• _To do_:
All of the data should be copied exactly, with the pictures left out.
====== Source material
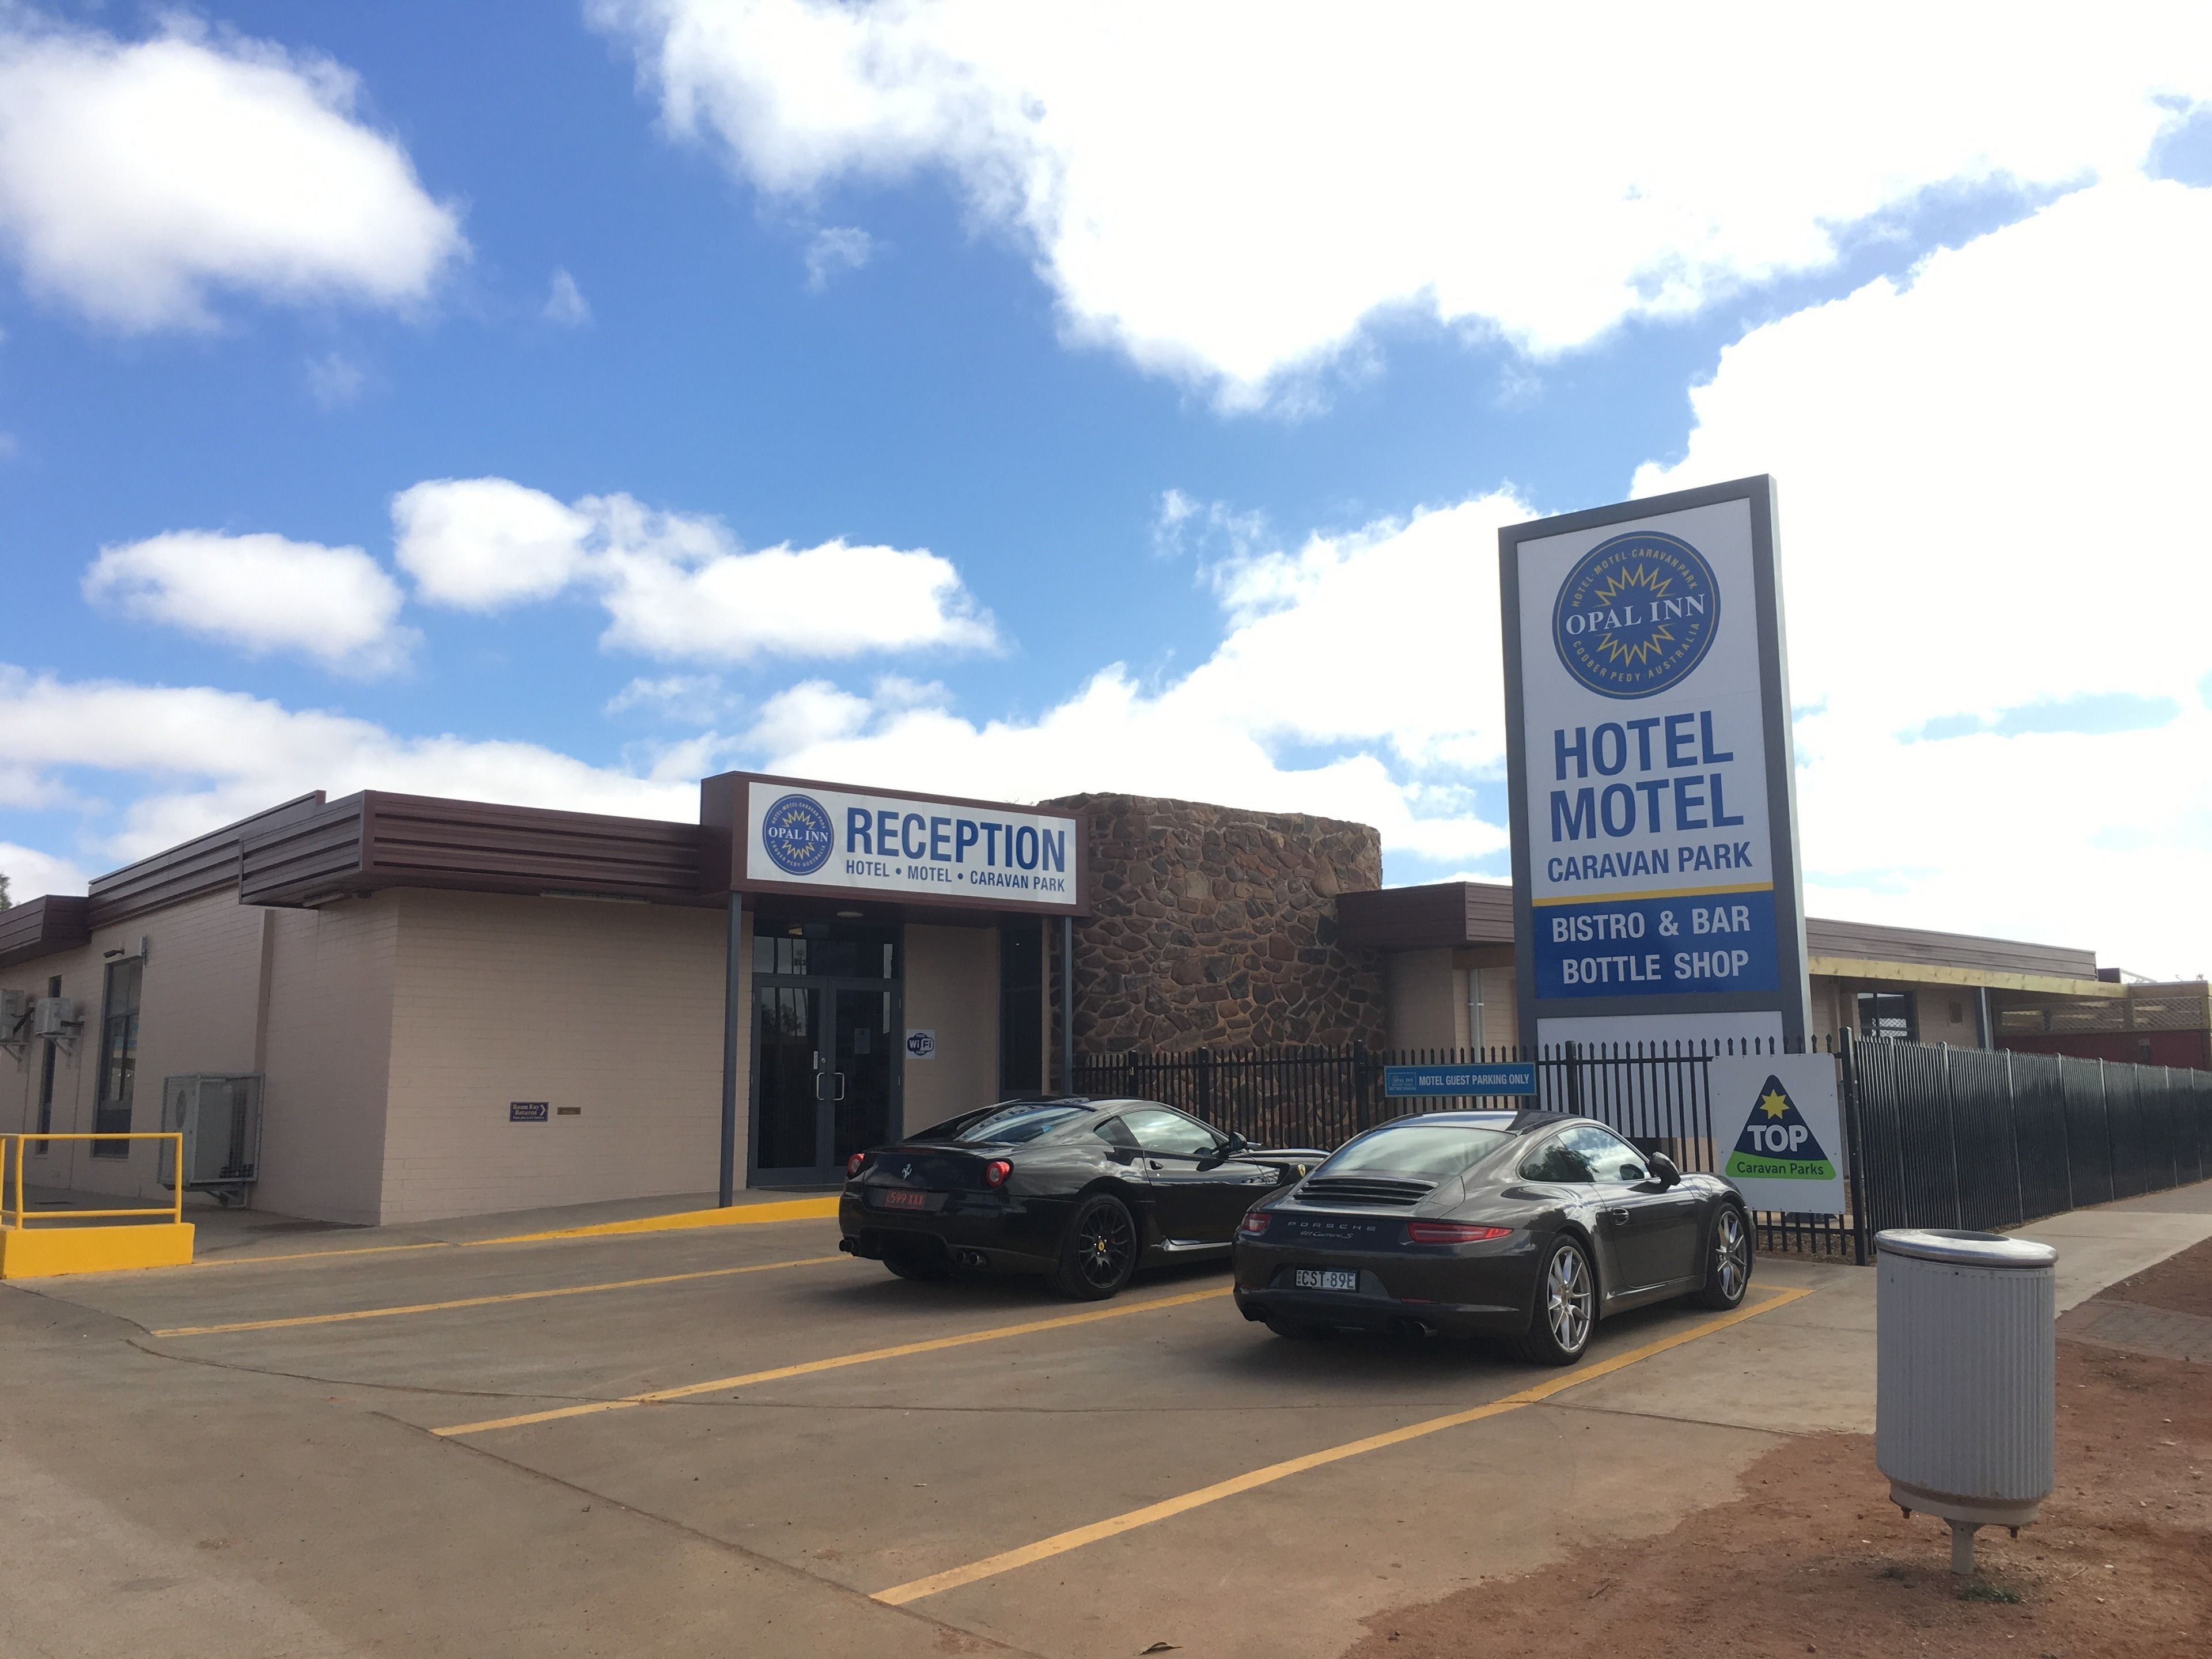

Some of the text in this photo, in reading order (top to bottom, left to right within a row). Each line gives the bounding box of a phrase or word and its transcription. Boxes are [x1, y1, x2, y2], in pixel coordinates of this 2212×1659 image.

[1571, 548, 1698, 608] HOTEL MOTEL CARAVAN PARK
[1566, 593, 1705, 635] OPAL INN
[1573, 623, 1700, 683] COOBER PEDY AUSTRALIA
[1554, 710, 1734, 781] HOTEL
[1550, 773, 1744, 842] MOTEL
[768, 827, 828, 843] OPAL INN
[846, 806, 1065, 873] RECEPTION
[846, 859, 1065, 892] HOTEL MOTEL CARAVAN PARK
[1548, 842, 1753, 882] CARAVAN PARK
[1552, 905, 1751, 943] BISTRO & BAR
[1562, 949, 1749, 984] BOTTLE SHOP
[1419, 1074, 1530, 1086] MOTEL GUEST PARKING ONLY
[1747, 1124, 1808, 1152] TOP
[1737, 1161, 1824, 1175] Caravan Parks
[1287, 1221, 1376, 1231] PORSCHE
============
• _Task answer_:
Some of the text in this photo, in reading order (top to bottom, left to right within a row). Each line gives the bounding box of a phrase or word and its transcription. Boxes are [x1, y1, x2, y2], in pixel coordinates of this 2212×1659 image.

[1571, 548, 1698, 608] HOTEL MOTEL CARAVAN PARK
[1566, 593, 1705, 635] OPAL INN
[1573, 623, 1700, 683] COOBER PEDY AUSTRALIA
[1554, 710, 1734, 781] HOTEL
[1550, 773, 1744, 842] MOTEL
[768, 827, 828, 843] OPAL INN
[846, 806, 1065, 873] RECEPTION
[846, 859, 1065, 892] HOTEL MOTEL CARAVAN PARK
[1548, 842, 1753, 882] CARAVAN PARK
[1552, 905, 1751, 943] BISTRO & BAR
[1562, 949, 1749, 984] BOTTLE SHOP
[1419, 1074, 1530, 1086] MOTEL GUEST PARKING ONLY
[1747, 1124, 1808, 1152] TOP
[1737, 1161, 1824, 1175] Caravan Parks
[1287, 1221, 1376, 1231] PORSCHE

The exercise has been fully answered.